### PROBLEM TO WORK ON
Repeat the data exactly. Pictures stay out.

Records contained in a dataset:
- - -
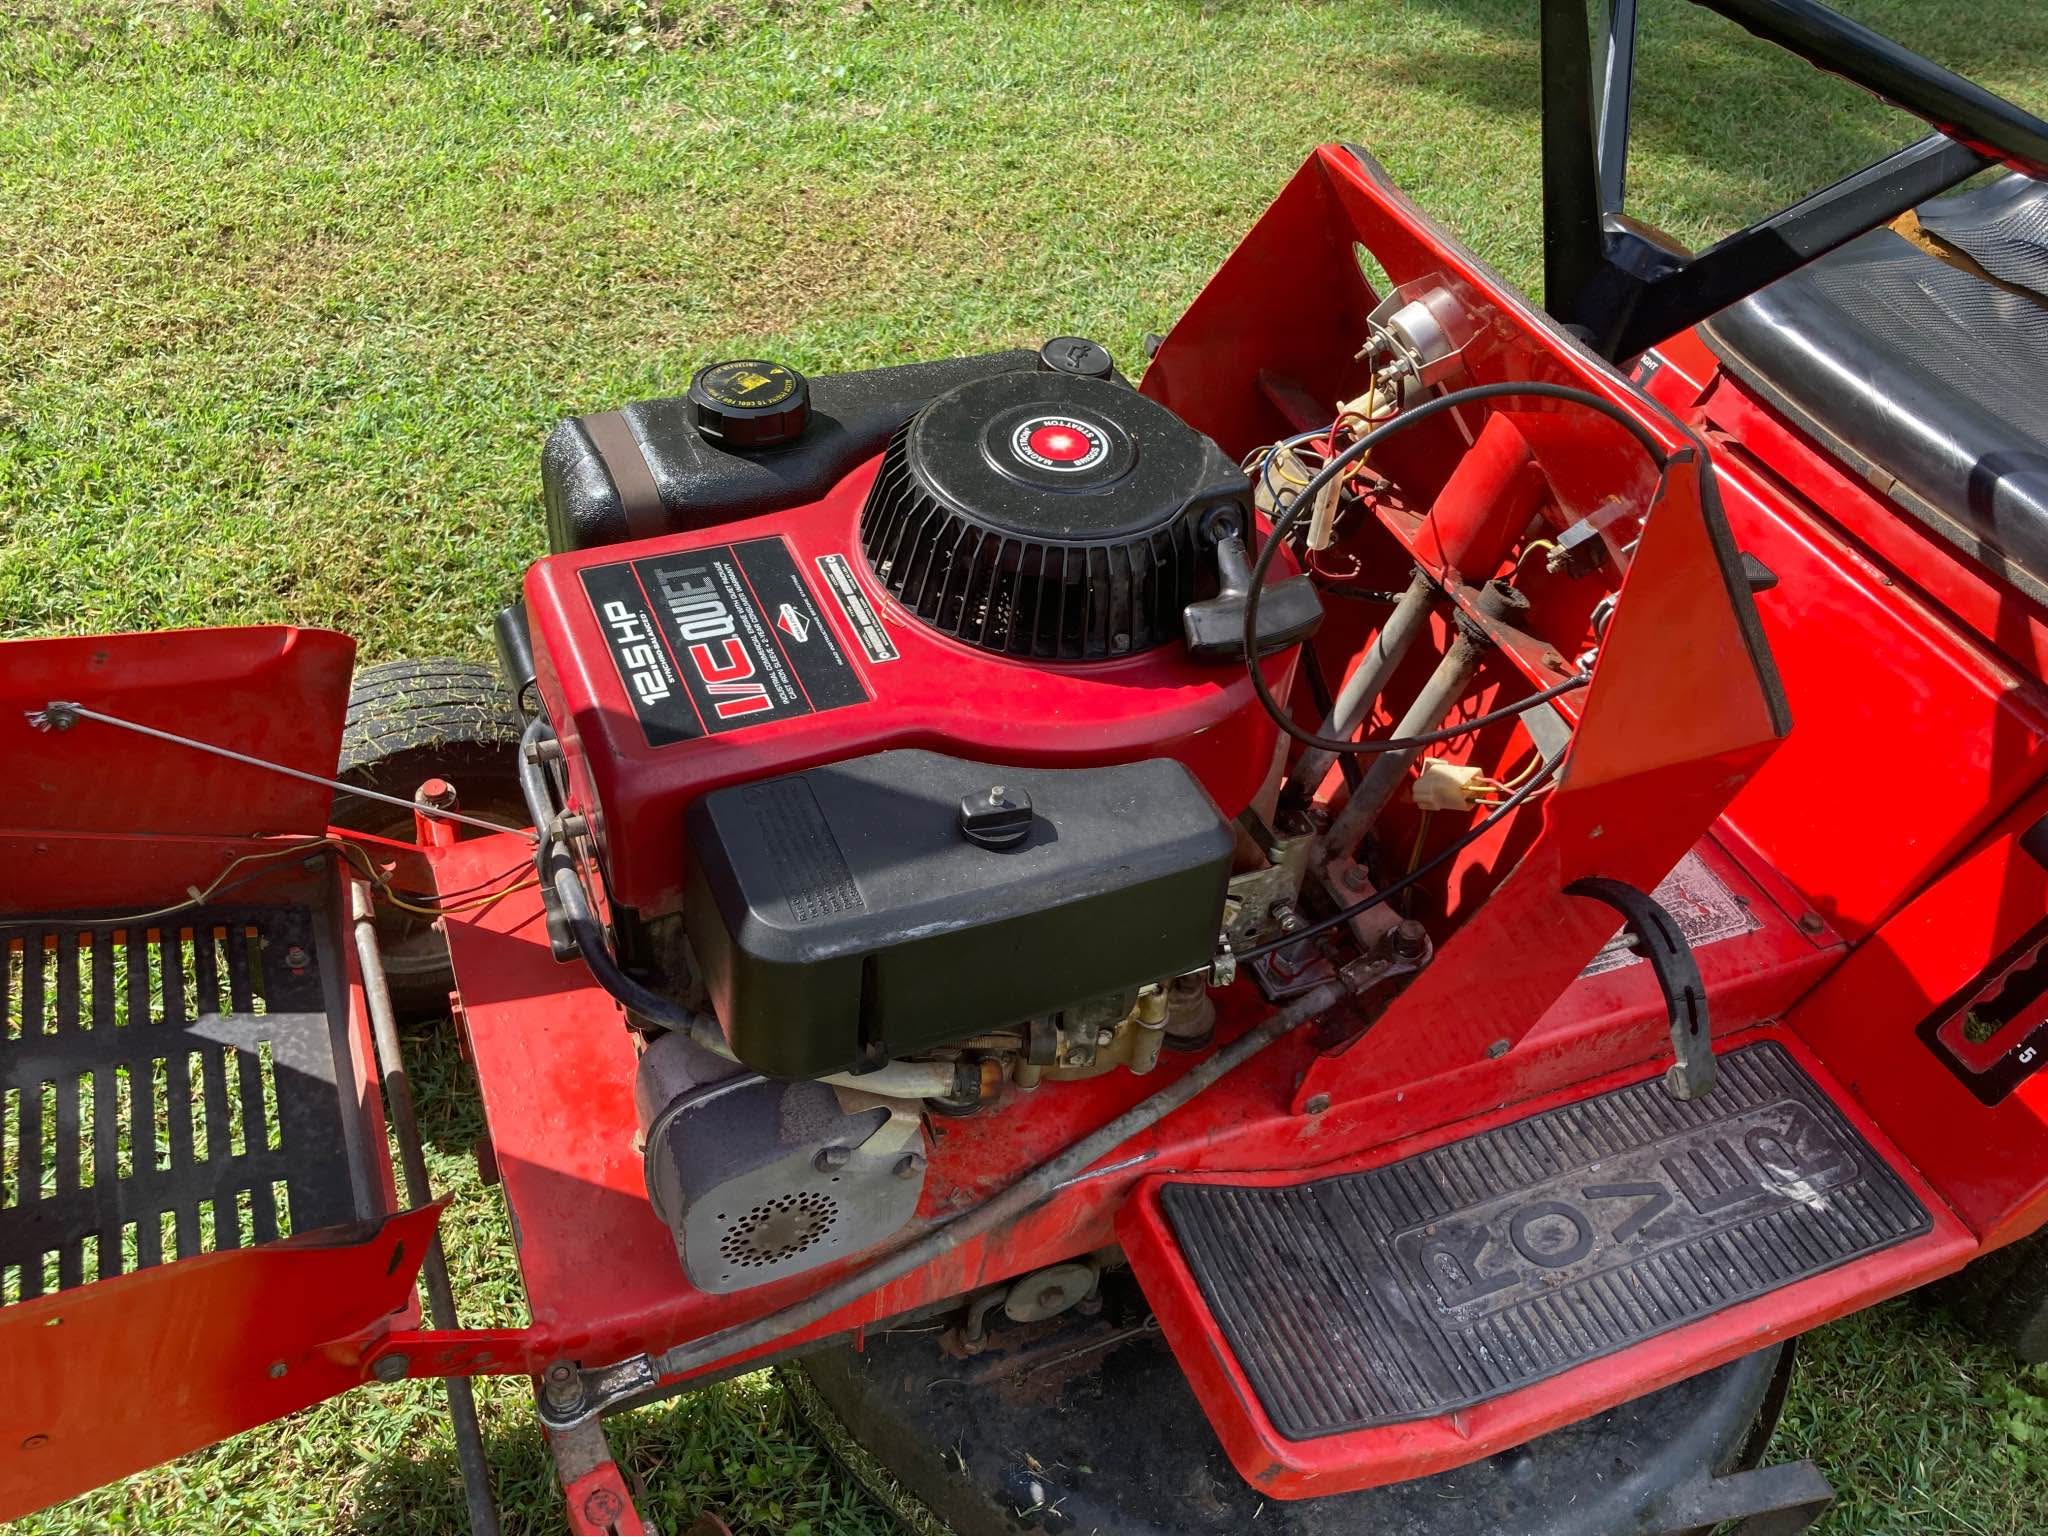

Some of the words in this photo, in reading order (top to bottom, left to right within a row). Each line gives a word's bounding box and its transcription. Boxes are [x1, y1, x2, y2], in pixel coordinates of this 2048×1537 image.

[1043, 420, 1095, 439] STRATTON
[1019, 427, 1054, 466] MAGNETRON
[1073, 447, 1100, 466] BRIGGS
[712, 560, 730, 584] PACKAGE
[722, 562, 743, 592] WARRANTY
[653, 565, 737, 642] QUIET
[724, 584, 738, 599] QUIET
[732, 599, 745, 614] WITH
[737, 592, 759, 623] CONSUMER
[603, 600, 646, 644] HP
[739, 613, 755, 634] ENGINE
[639, 611, 676, 684] SYNCHRO-BALANCED
[749, 633, 774, 671] COMMERCIAL
[765, 646, 782, 668] SLEEVE
[621, 647, 671, 706] 12.5
[767, 670, 791, 704] INDUSTRIAL
[775, 667, 790, 683] IRON
[783, 682, 798, 699] CAST
[2018, 1046, 2037, 1064] 5
[1420, 1113, 1856, 1308] ROVER
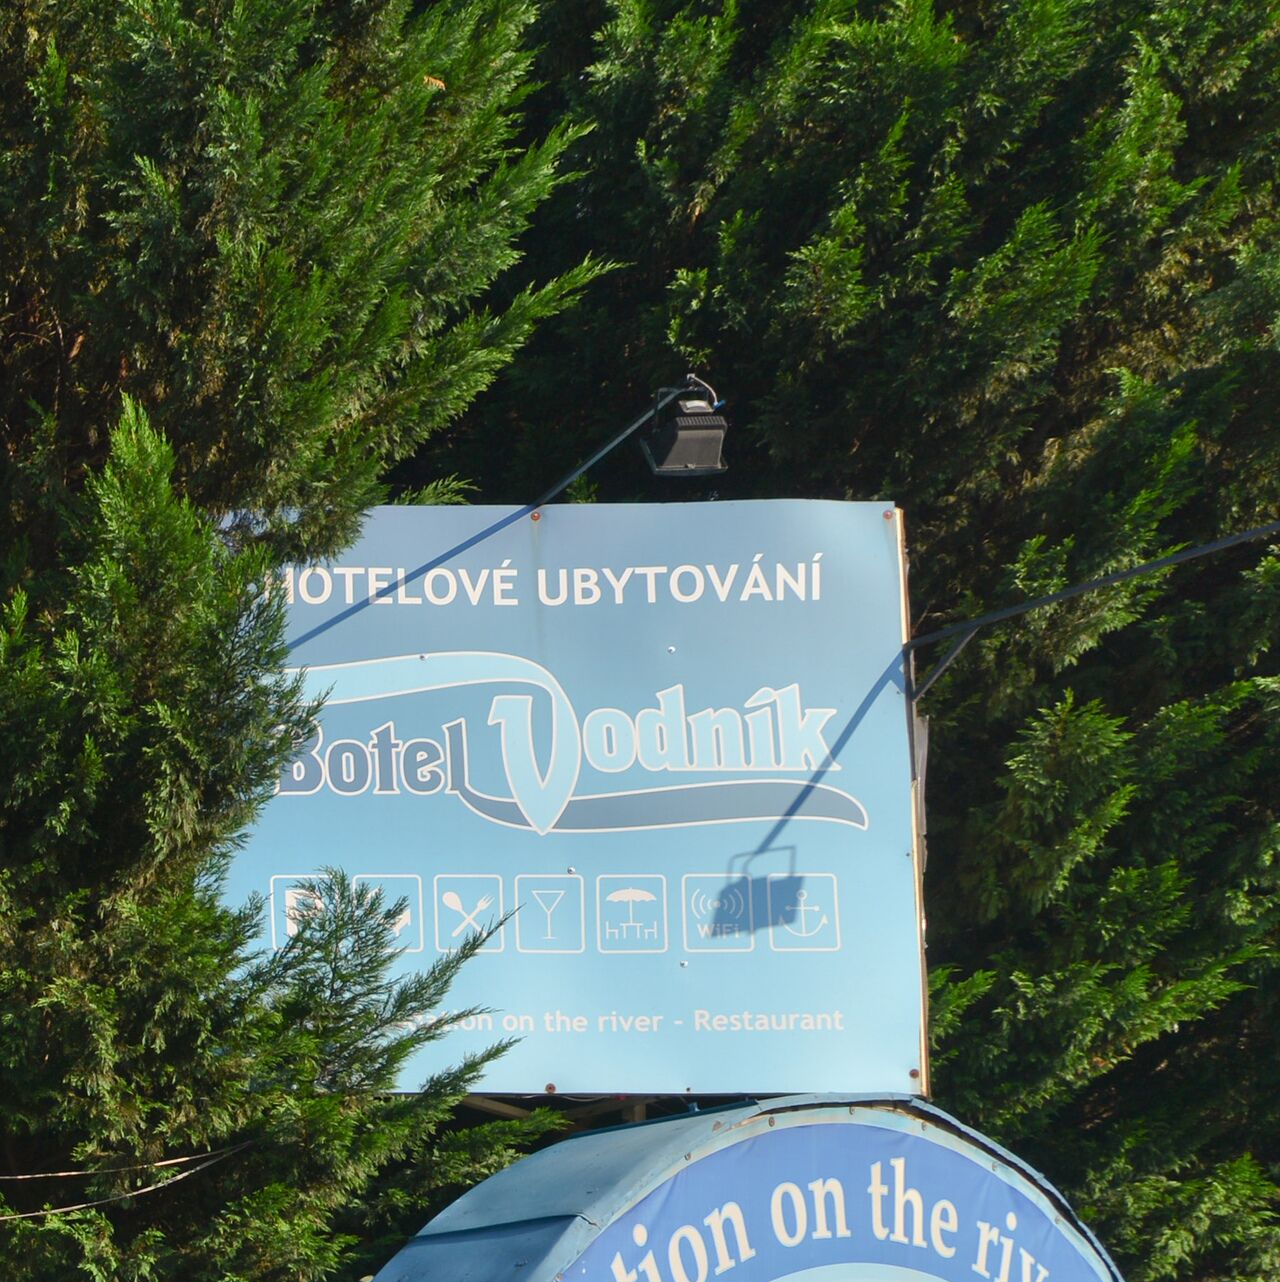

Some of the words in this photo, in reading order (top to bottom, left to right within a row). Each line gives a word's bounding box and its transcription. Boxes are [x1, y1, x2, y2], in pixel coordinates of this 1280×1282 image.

[537, 552, 824, 607] UBYTOVÁNÍ
[273, 717, 466, 797] Botel
[487, 684, 842, 836] Vodník
[502, 1013, 534, 1032] on
[544, 1009, 587, 1032] the
[598, 1010, 663, 1032] river
[694, 1009, 844, 1032] Restaurant
[770, 1176, 852, 1248] on
[867, 1156, 959, 1259] the
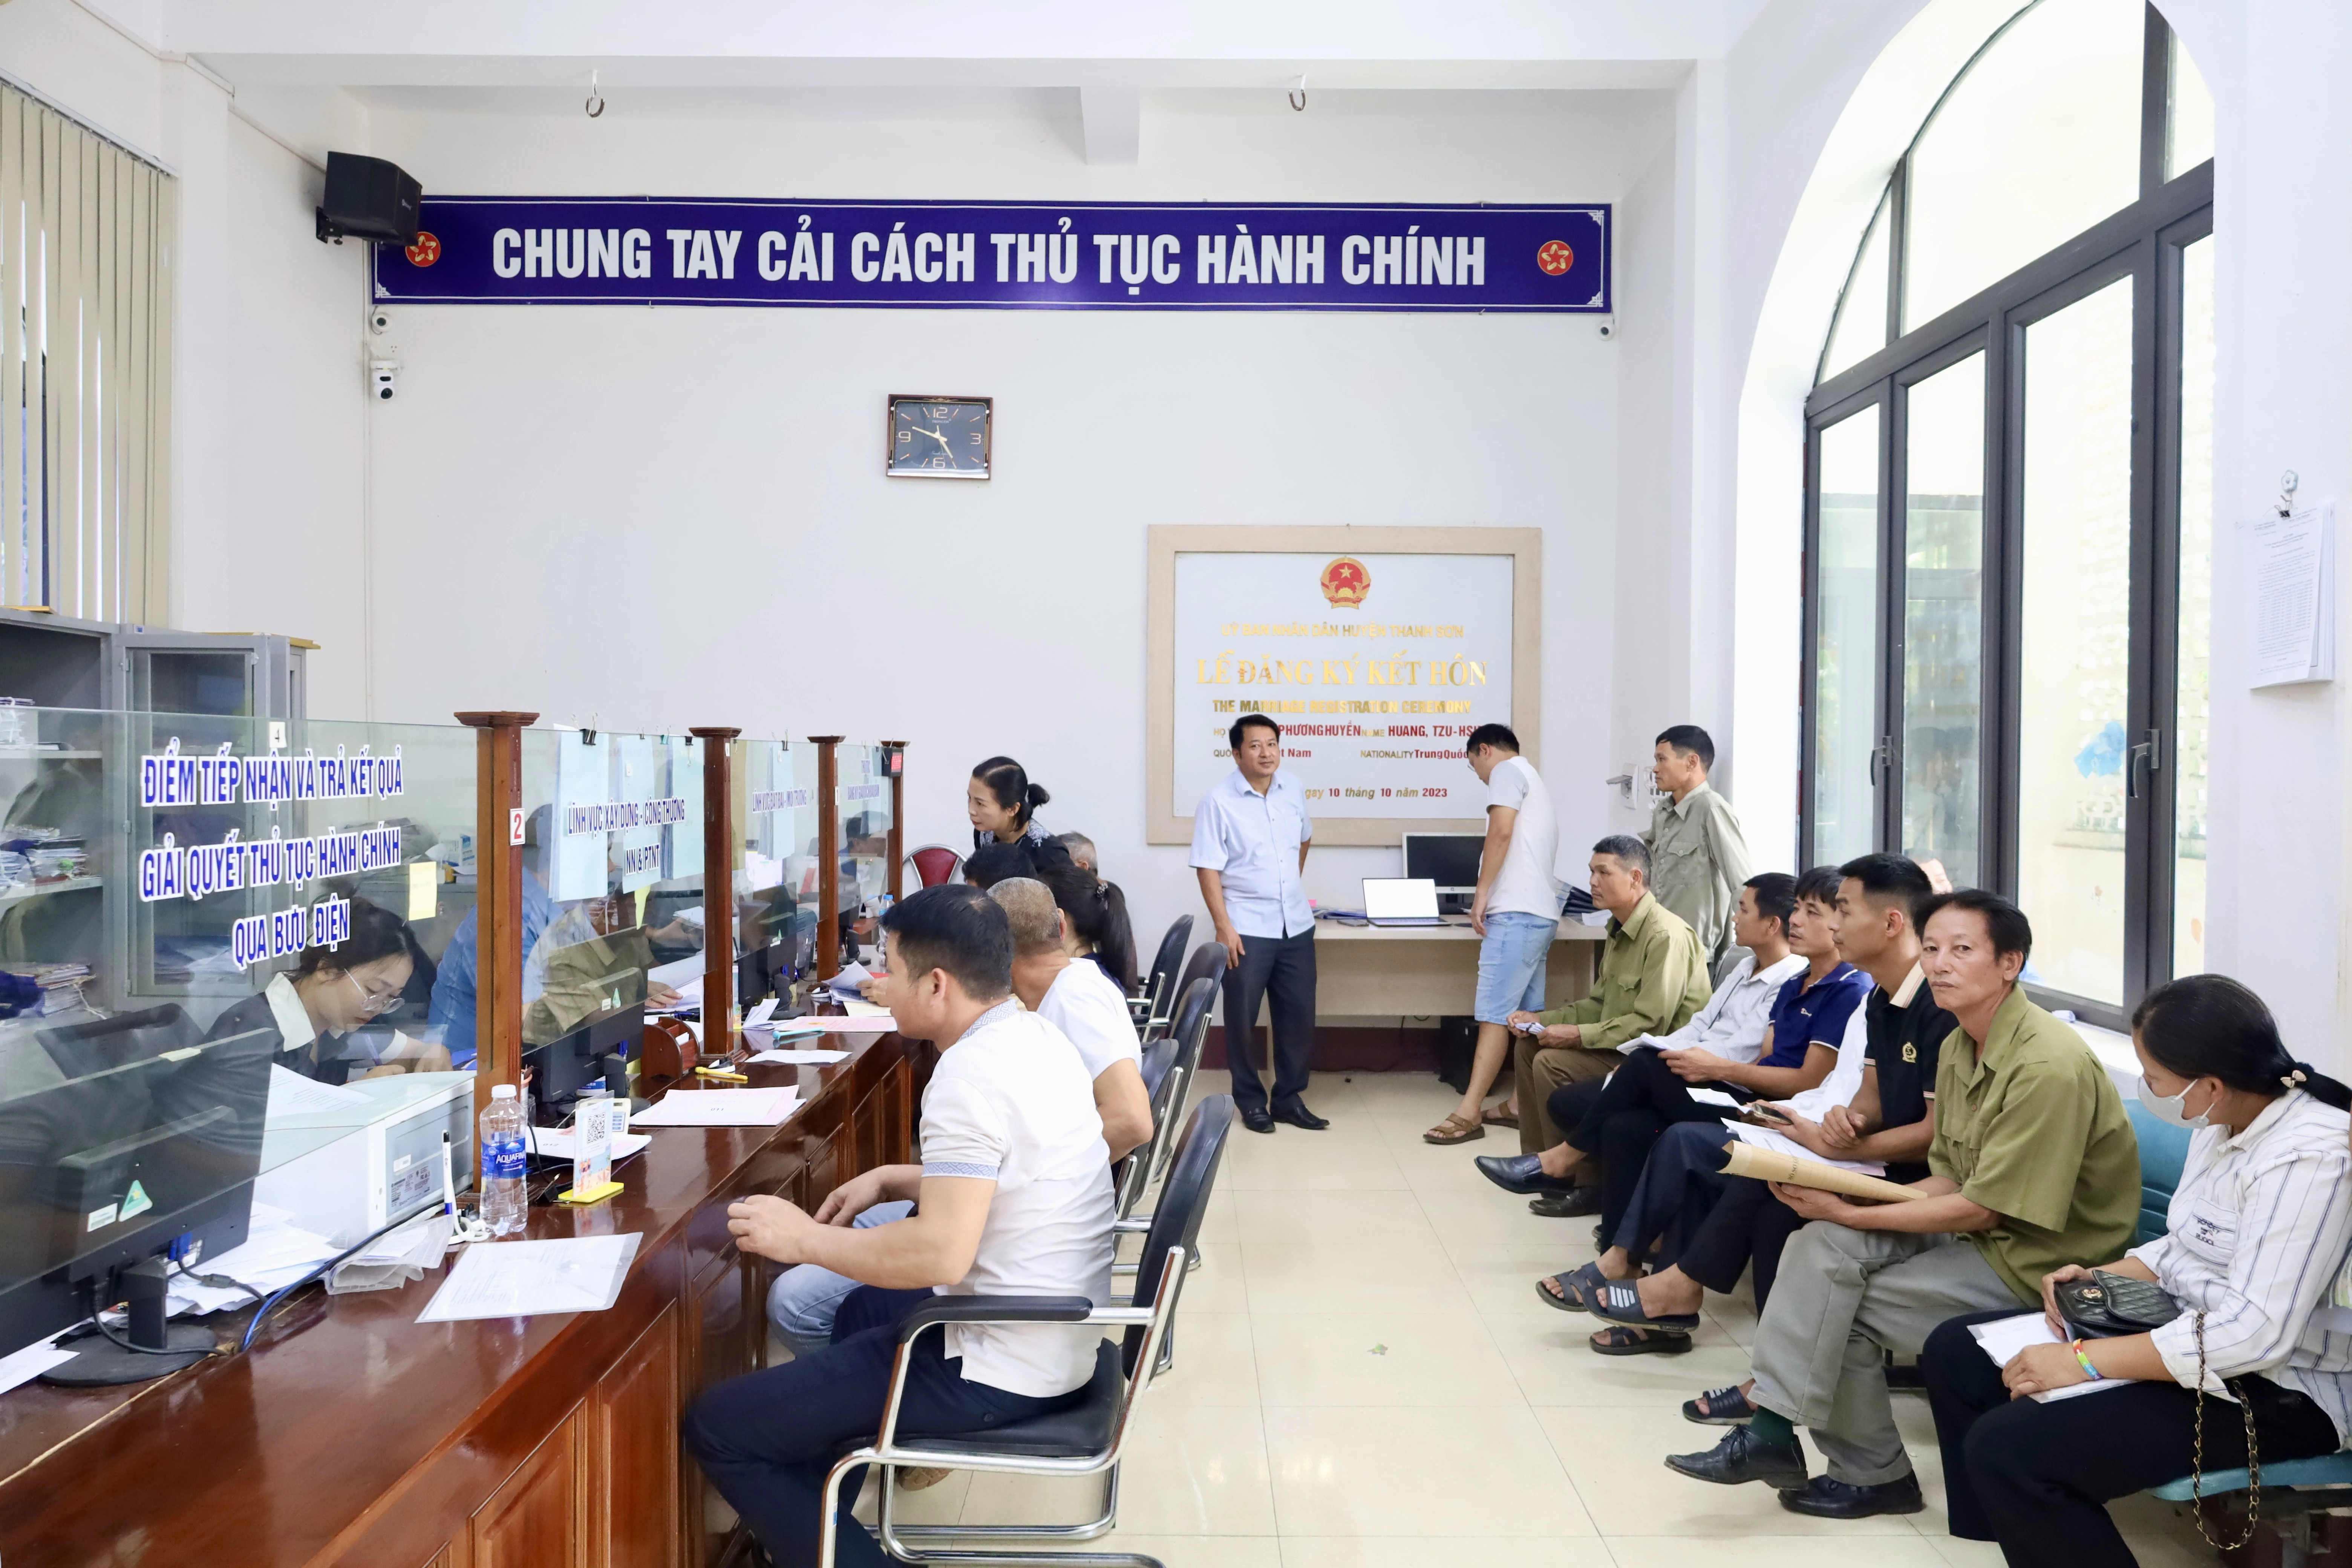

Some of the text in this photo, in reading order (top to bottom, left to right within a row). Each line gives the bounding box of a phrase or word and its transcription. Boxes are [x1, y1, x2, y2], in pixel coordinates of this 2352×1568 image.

[493, 214, 1485, 295] CHUNG TAY CẢI CÁCH THỦ TỤC HÀNH CHÍNH
[933, 407, 948, 418] 12
[898, 431, 911, 443] 9
[969, 433, 982, 444] 3
[933, 457, 946, 469] 6
[1242, 624, 1269, 636] BAN
[1272, 622, 1308, 636] NHÂN
[1312, 622, 1338, 636] DÂN
[1343, 621, 1386, 640] HUYỆN
[1389, 625, 1433, 637] THANH
[1436, 625, 1464, 637] SƠN
[1196, 649, 1488, 686] LỄ ĐĂNG KÝ KẾT HÔN
[1213, 700, 1471, 714] THE MARRIAGE REGISTRATION CEREMONY
[1213, 728, 1225, 738] HỌ
[1361, 729, 1385, 737] NAME
[1388, 725, 1428, 738] HUANG,
[1288, 748, 1311, 758] Nam
[1360, 750, 1413, 759] NATIONALITY
[144, 737, 403, 810] ĐIỂM TIẾP NHẬN VÀ TRẢ KẾT QUẢ
[1328, 788, 1340, 797] 10
[1345, 786, 1375, 799] tháng
[1380, 788, 1392, 797] 10
[1396, 787, 1418, 797] năm
[1422, 788, 1447, 797] 2023
[568, 802, 586, 834] LĨNH
[588, 803, 603, 838] VỰC
[605, 798, 619, 831] XÂY
[620, 800, 639, 834] DỰNG
[645, 795, 661, 825] CÔNG
[514, 813, 522, 839] 2
[142, 822, 400, 899] GIẢI QUYẾT THỦ TỤC HÀNH CHÍNH
[626, 844, 659, 874] NN & PTNT
[235, 894, 349, 968] QUA BƯU ĐIỆN
- - -
### TASK RESPONSE
Some of the words in this photo, in reading order (top to bottom, left to right within a row). Each line gives a word's bounding box and its transcription. Boxes are [x1, y1, x2, y2], in pixel coordinates of this 2048×1537 image.

[1043, 420, 1095, 439] STRATTON
[1019, 427, 1054, 466] MAGNETRON
[1073, 447, 1100, 466] BRIGGS
[712, 560, 730, 584] PACKAGE
[722, 562, 743, 592] WARRANTY
[653, 565, 737, 642] QUIET
[724, 584, 738, 599] QUIET
[732, 599, 745, 614] WITH
[737, 592, 759, 623] CONSUMER
[603, 600, 646, 644] HP
[739, 613, 755, 634] ENGINE
[639, 611, 676, 684] SYNCHRO-BALANCED
[749, 633, 774, 671] COMMERCIAL
[765, 646, 782, 668] SLEEVE
[621, 647, 671, 706] 12.5
[767, 670, 791, 704] INDUSTRIAL
[775, 667, 790, 683] IRON
[783, 682, 798, 699] CAST
[2018, 1046, 2037, 1064] 5
[1420, 1113, 1856, 1308] ROVER

Some of the words in this photo, in reading order (top to bottom, left to right within a row). Each line gives a word's bounding box and its transcription. Boxes are [x1, y1, x2, y2], in pixel coordinates of this 1280×1282 image.

[537, 552, 824, 607] UBYTOVÁNÍ
[273, 717, 466, 797] Botel
[487, 684, 842, 836] Vodník
[502, 1013, 534, 1032] on
[544, 1009, 587, 1032] the
[598, 1010, 663, 1032] river
[694, 1009, 844, 1032] Restaurant
[770, 1176, 852, 1248] on
[867, 1156, 959, 1259] the

Some of the text in this photo, in reading order (top to bottom, left to right within a row). Each line gives the bounding box of a phrase or word and its transcription. Boxes are [x1, y1, x2, y2], in pixel coordinates of this 2352×1568 image.

[493, 214, 1485, 295] CHUNG TAY CẢI CÁCH THỦ TỤC HÀNH CHÍNH
[933, 407, 948, 418] 12
[898, 431, 911, 443] 9
[969, 433, 982, 444] 3
[933, 457, 946, 469] 6
[1242, 624, 1269, 636] BAN
[1272, 622, 1308, 636] NHÂN
[1312, 622, 1338, 636] DÂN
[1343, 621, 1386, 640] HUYỆN
[1389, 625, 1433, 637] THANH
[1436, 625, 1464, 637] SƠN
[1196, 649, 1488, 686] LỄ ĐĂNG KÝ KẾT HÔN
[1213, 700, 1471, 714] THE MARRIAGE REGISTRATION CEREMONY
[1213, 728, 1225, 738] HỌ
[1361, 729, 1385, 737] NAME
[1388, 725, 1428, 738] HUANG,
[1288, 748, 1311, 758] Nam
[1360, 750, 1413, 759] NATIONALITY
[144, 737, 403, 810] ĐIỂM TIẾP NHẬN VÀ TRẢ KẾT QUẢ
[1328, 788, 1340, 797] 10
[1345, 786, 1375, 799] tháng
[1380, 788, 1392, 797] 10
[1396, 787, 1418, 797] năm
[1422, 788, 1447, 797] 2023
[568, 802, 586, 834] LĨNH
[588, 803, 603, 838] VỰC
[605, 798, 619, 831] XÂY
[620, 800, 639, 834] DỰNG
[645, 795, 661, 825] CÔNG
[514, 813, 522, 839] 2
[142, 822, 400, 899] GIẢI QUYẾT THỦ TỤC HÀNH CHÍNH
[626, 844, 659, 874] NN & PTNT
[235, 894, 349, 968] QUA BƯU ĐIỆN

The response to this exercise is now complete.